The game is an affront to logic! how can they actually be enjoying themselves! Take the cost! a pack of those little thumb sized models can be $50! and if your a tyranid player like that poor sod Ultrajoe (devilishly handsome he may be) your paying $100 for a single brood!
Oh, and then there's the associated costs... paint... terrain... codex's... dice... and ever more models, a true player can really never stop. Its like a drain for your income, you pour it in, and there's always room for more! Oho i hear you say, but what if the game is really that fun?
Its not. The game is a slog of rules and dice rolls, an endless tirade of repetetive action. And for What! so you can do it all again and spend money so you can roll even more dice! Cackling as if those little plastic men were really shooting each other! getting emotional over a stupid little carnifex getting killed by some improbable roll.
And the rules! boom after book of rules! its a minefield of required expertise and pointless checking to see if any special rules mean that plastic shit can shoot that plastic shit!
"Its just probability you idiots" i call across the street... they just give me a blank confused scare...
Idiots, the game is a cash cow that relies on the insanity of its players to have any enjoyment... now go away, i have things to do.
PART 2: The Other End Of The Stick
Oh my god, did you SEE that?
Jesus! his guardsman just stuck a bayonet in the ass of my Carnifex!
This does not happen!
Whew, this is why the lictors i ordered in are so important, lurking in the undergrowth they can spring out and put fear into the heart of any sneaking guards-vermin.
Oh hi there, welcome to the game. I suppose after a chat with mr Logic over there your ready to hear the good? i thought so.
Well, there is none, he was right in every respect... but we do take the game beyond what he said....
With the shared imagination of you and your friends, that guardsman really did just fell an alien monstrosity, with a joint willingness to suspend disbelief, you want that model to go on and survive. We pay to let our imaginations run wild in a universe full of adventure.
And a big universe it is, the mythos of the game extends to books, comics, art and some shit-god-super-awful fan movies... and even video games. The game is not what we pay for as players.
We pay for the experience of the game. We pay for golden moments and soaring flights of imaginary fancy, we paint our models because they are the representatives of our imaginary battles, the avatars of an inner world the game lets us bring to life. We pay so we can share with friends a love of the unreal and the laughs of a genestealer taking out a land-raider.

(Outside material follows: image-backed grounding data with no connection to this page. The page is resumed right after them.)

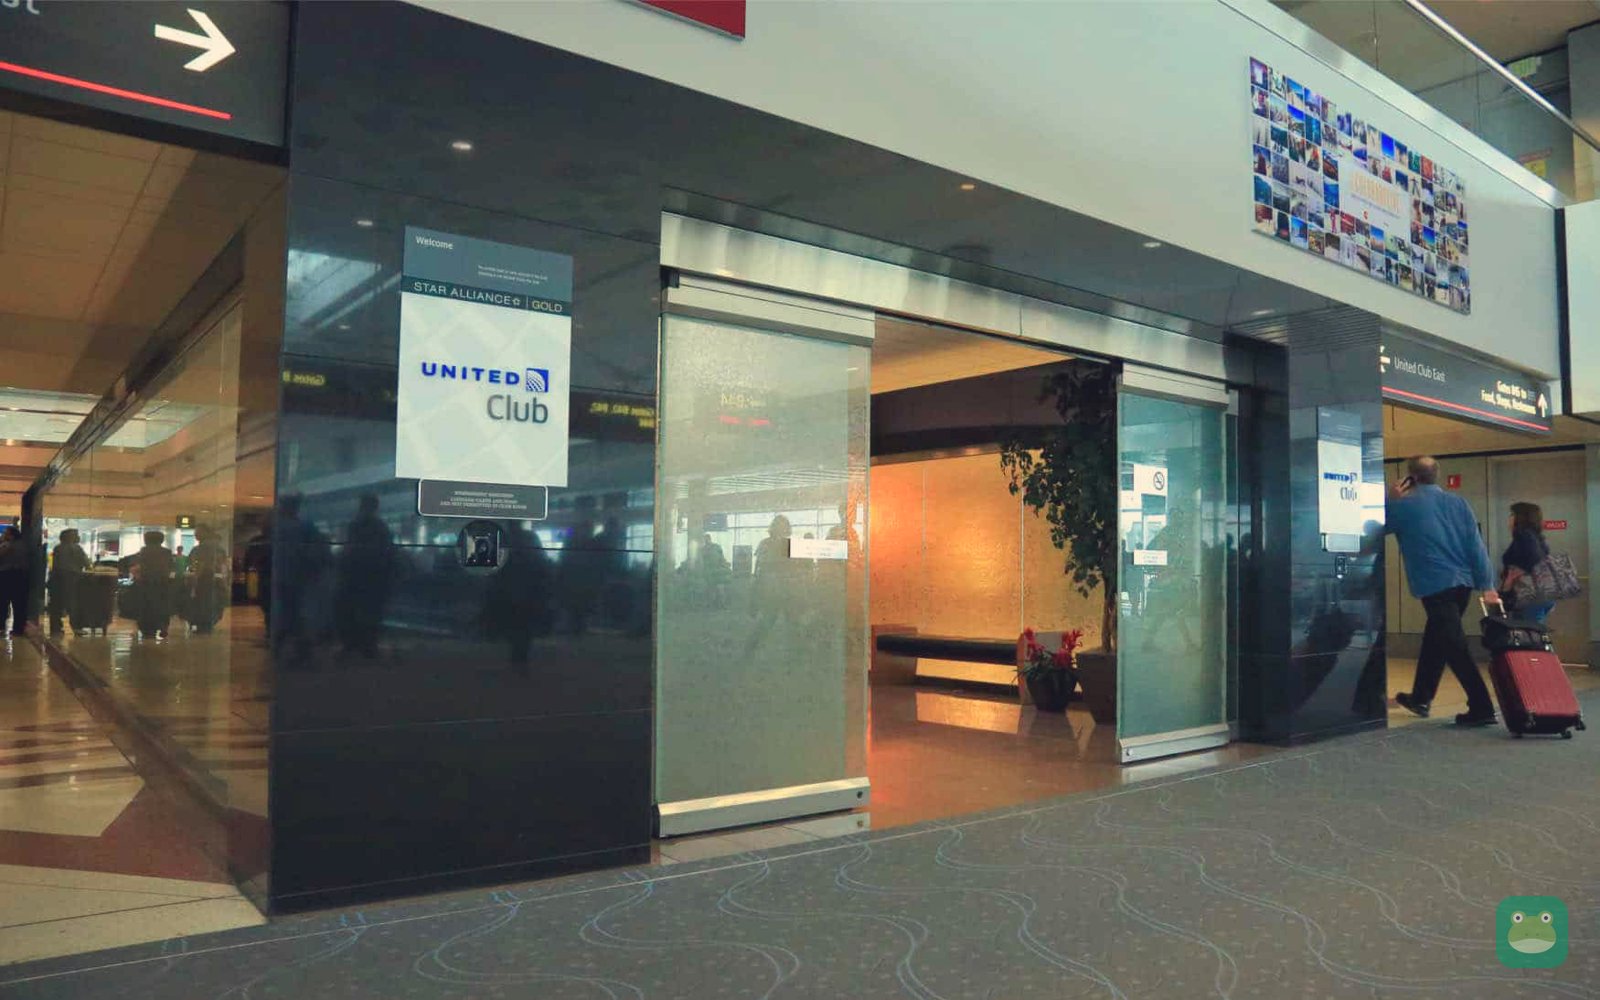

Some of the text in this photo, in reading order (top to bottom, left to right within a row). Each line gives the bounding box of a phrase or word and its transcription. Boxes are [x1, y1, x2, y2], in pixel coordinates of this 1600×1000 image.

[415, 235, 453, 250] Welcome
[413, 281, 562, 313] STAR ALLIANCE GOLD
[421, 362, 520, 385] UNITED
[1394, 356, 1447, 383] United Club East
[487, 394, 549, 424] Club

That guy across the street sees only what we pay for.
But we get the best deal of all, because as well as the models and crap we buy... we get an infinite experience of the universe we are at one with.

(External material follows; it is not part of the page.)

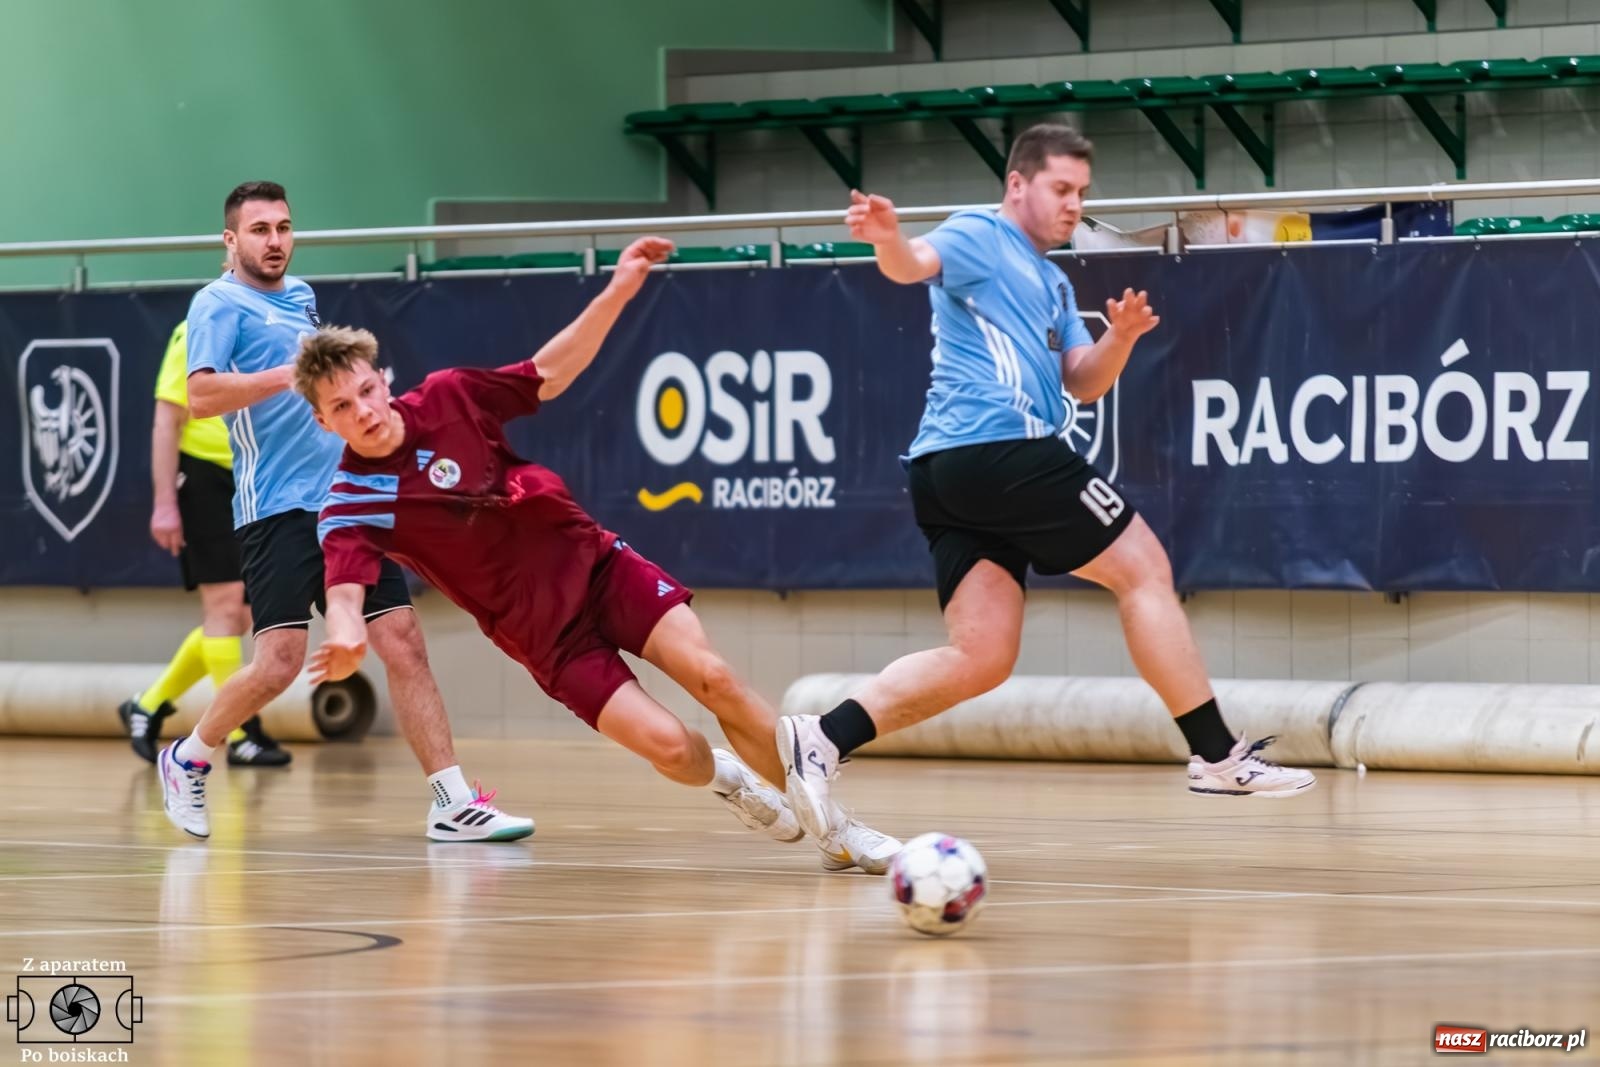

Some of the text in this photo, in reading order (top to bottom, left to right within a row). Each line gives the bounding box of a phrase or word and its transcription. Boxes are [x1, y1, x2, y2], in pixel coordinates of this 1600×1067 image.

[1191, 338, 1590, 466] RACIBÓRZ
[713, 467, 836, 508] RACIBÓRZ
[1079, 477, 1125, 527] 19

And thats why i recommend WH40K to anyone who has an imagination and a bit of cash.
Its what happens, not what you buy, that makes it truly spectacular.
=======================
Once again, not a conventional review, because the true nature game is not that conventional. more wanted to capture the midsets of players and critics, more than talk about features of a game that really, needs wither nothing less than a book or nothing more than a paragraph to describe.
I would add pictures, but all of them are shitty pictures of my models, and i am not a mean painter.